── MATERIAL FOR THE TASK
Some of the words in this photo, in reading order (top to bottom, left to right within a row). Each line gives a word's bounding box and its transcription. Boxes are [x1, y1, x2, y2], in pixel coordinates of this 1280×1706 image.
────
── MATERIAL FOR THE TASK
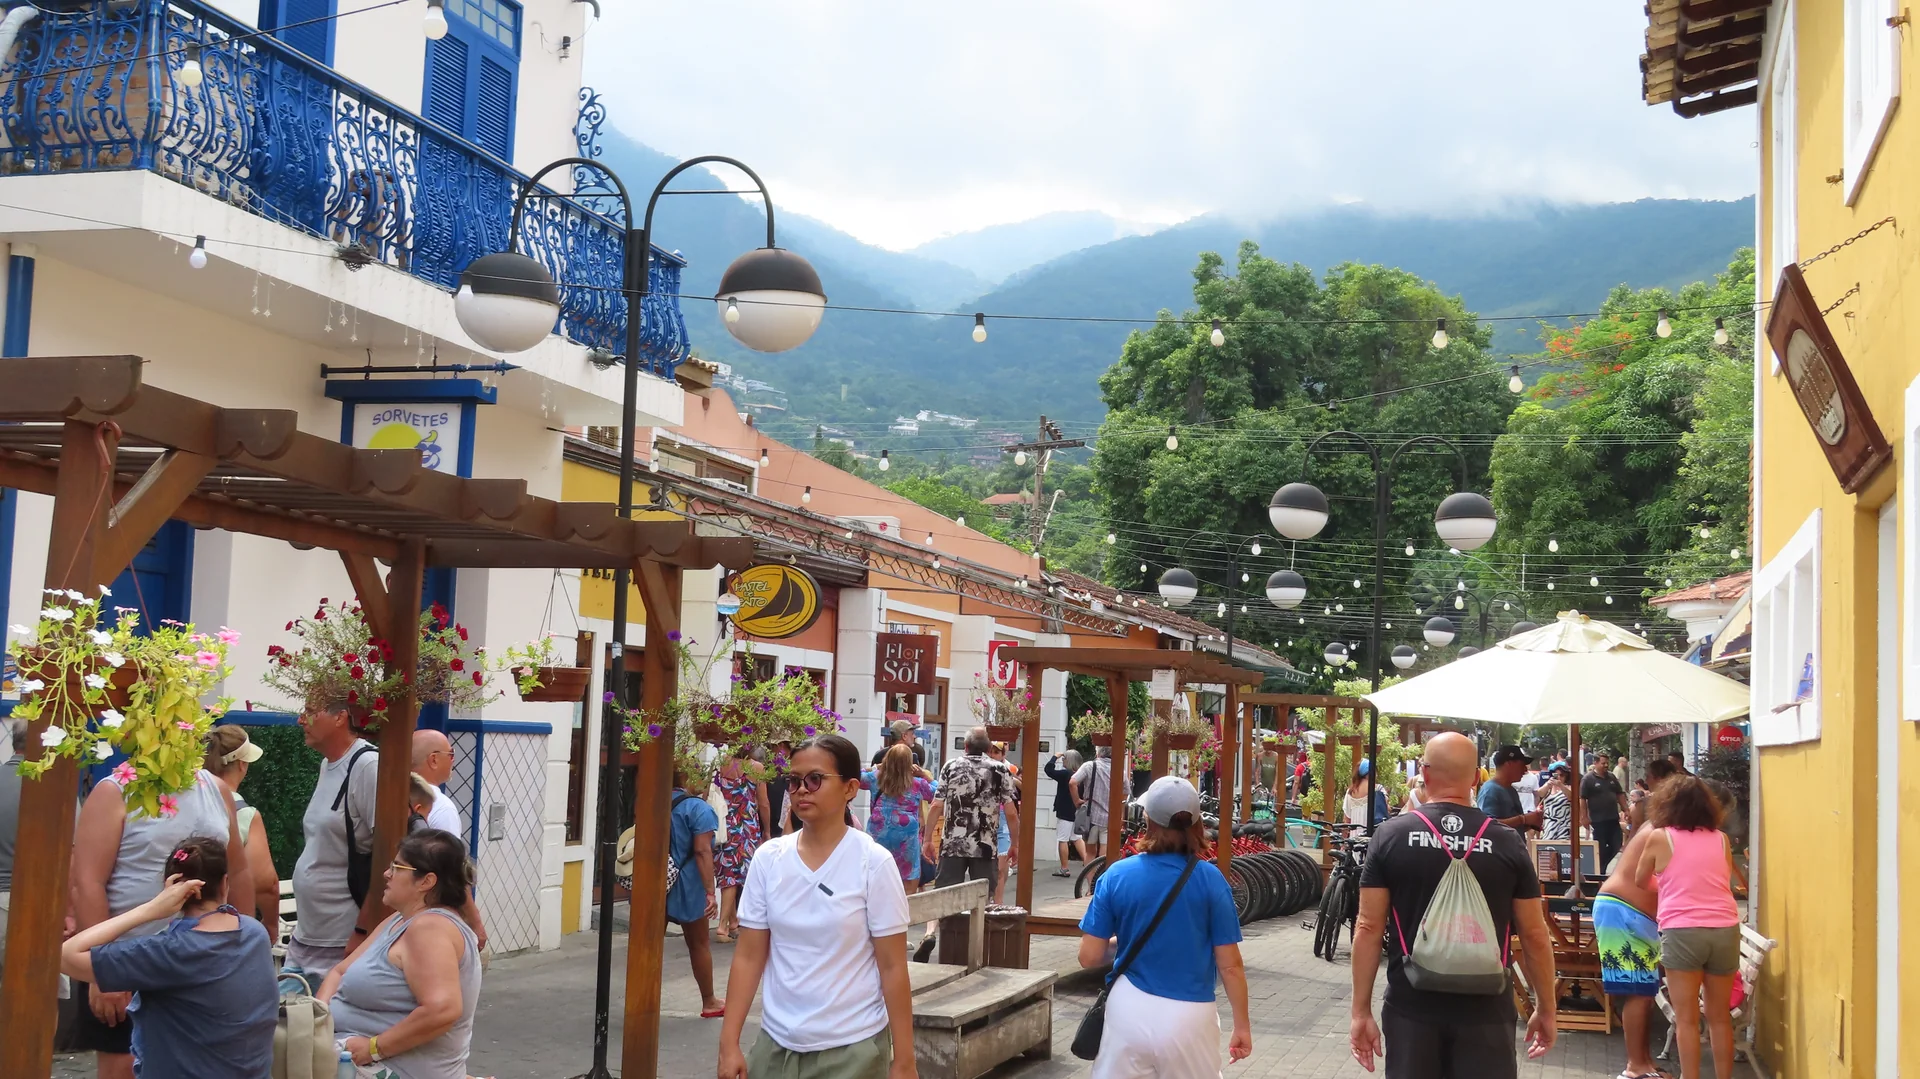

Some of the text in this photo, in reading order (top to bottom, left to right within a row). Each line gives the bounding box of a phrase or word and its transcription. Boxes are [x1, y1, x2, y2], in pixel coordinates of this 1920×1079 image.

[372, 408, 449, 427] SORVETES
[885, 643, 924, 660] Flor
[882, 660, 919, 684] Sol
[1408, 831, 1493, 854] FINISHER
────
── MATERIAL FOR THE TASK
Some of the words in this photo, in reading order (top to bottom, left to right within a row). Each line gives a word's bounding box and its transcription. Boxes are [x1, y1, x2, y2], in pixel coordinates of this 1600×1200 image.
────
Count the lines of the entries above in which the string "words" appears. Supply the number only.

- _SOLUTION FOR THIS TASK_:
2